Abstract

This thesis deals with the microstructure effects on the optical properties of (i) polycrystalline Nd-modified lead-zirkonium-titanate (PNZT) and (ii) highly oriented BaTiO₃ (BTO) thin films together with the stacking structure influence on the optical properties of (iii) BaTiO₃–SrTiO₃ (STO) superlattice thin films. All the films were grown on MgO(001) substrates by pulsed laser deposition. Different structures were obtained by tuning the thin film processing conditions. PNZT thin films were deposited at room temperature and different crystallite size distributions were produced by varying the post-annealing temperature. The refractive index and electro-optic responses were found to increase with increasing mean crystallite size.

Oxygen pressure during the film deposition at 700 °C was found to be a very critical parameter to modify the crystallographic and consequent other physical properties of BTO thin films as suggested by the dielectric and optical measurements. Low oxygen pressure films were epitaxial, with elongated lattice parameters along the surface normal, while increased working oxygen pressure produced non-epitaxial films with lattice elongation along the in-plane orientation.
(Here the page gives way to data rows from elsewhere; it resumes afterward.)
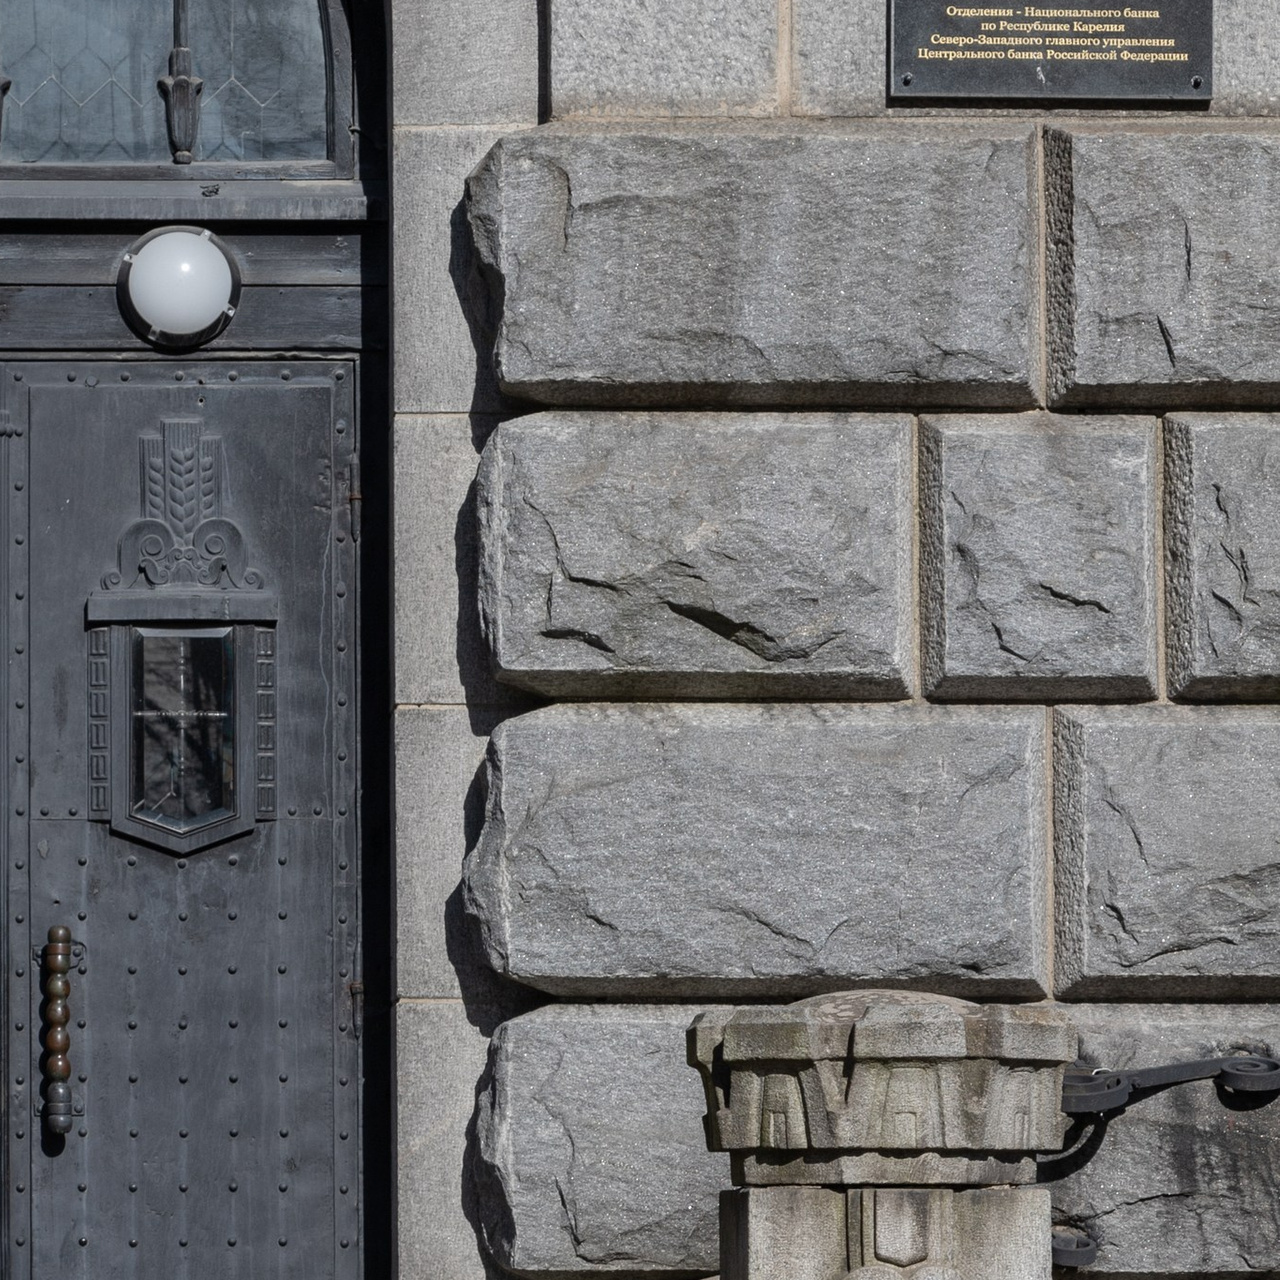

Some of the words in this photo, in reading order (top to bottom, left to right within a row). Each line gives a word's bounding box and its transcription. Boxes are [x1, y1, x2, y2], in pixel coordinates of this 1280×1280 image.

[946, 5, 1014, 18] Отделения
[1024, 6, 1122, 19] Национального
[1123, 7, 1160, 19] банка
[980, 22, 997, 32] по
[999, 20, 1071, 33] Республике
[1073, 21, 1126, 34] Карелия
[930, 33, 1043, 47] Северо-Западного
[1045, 37, 1101, 47] главного
[1102, 38, 1175, 48] управления
[917, 47, 1006, 61] Центрального
[1007, 48, 1044, 61] банка
[1046, 48, 1118, 61] Российской
[1119, 51, 1189, 63] Федерации
An effective electro-optic coefficient of ~21 pm/V was measured for the BTO films.

Periodic BTO-STO superlattices were deposited with varying stacking periodicity between 27 and 1670 Å. Birefringence decreased with increasing stacking periodicity, due to relaxation of the lattice strain induced by the layer interfaces. The electro-optic response was found to reach a maximum at a specific stacking periodicity and it decreases with both increasing and decreasing individual layer thickness. The operation of a Mach-Zehnder waveguide intensity modulator based on the BTO-STO superlattice with effective electro-optic coefficient of 73 pm/V was also demonstrated.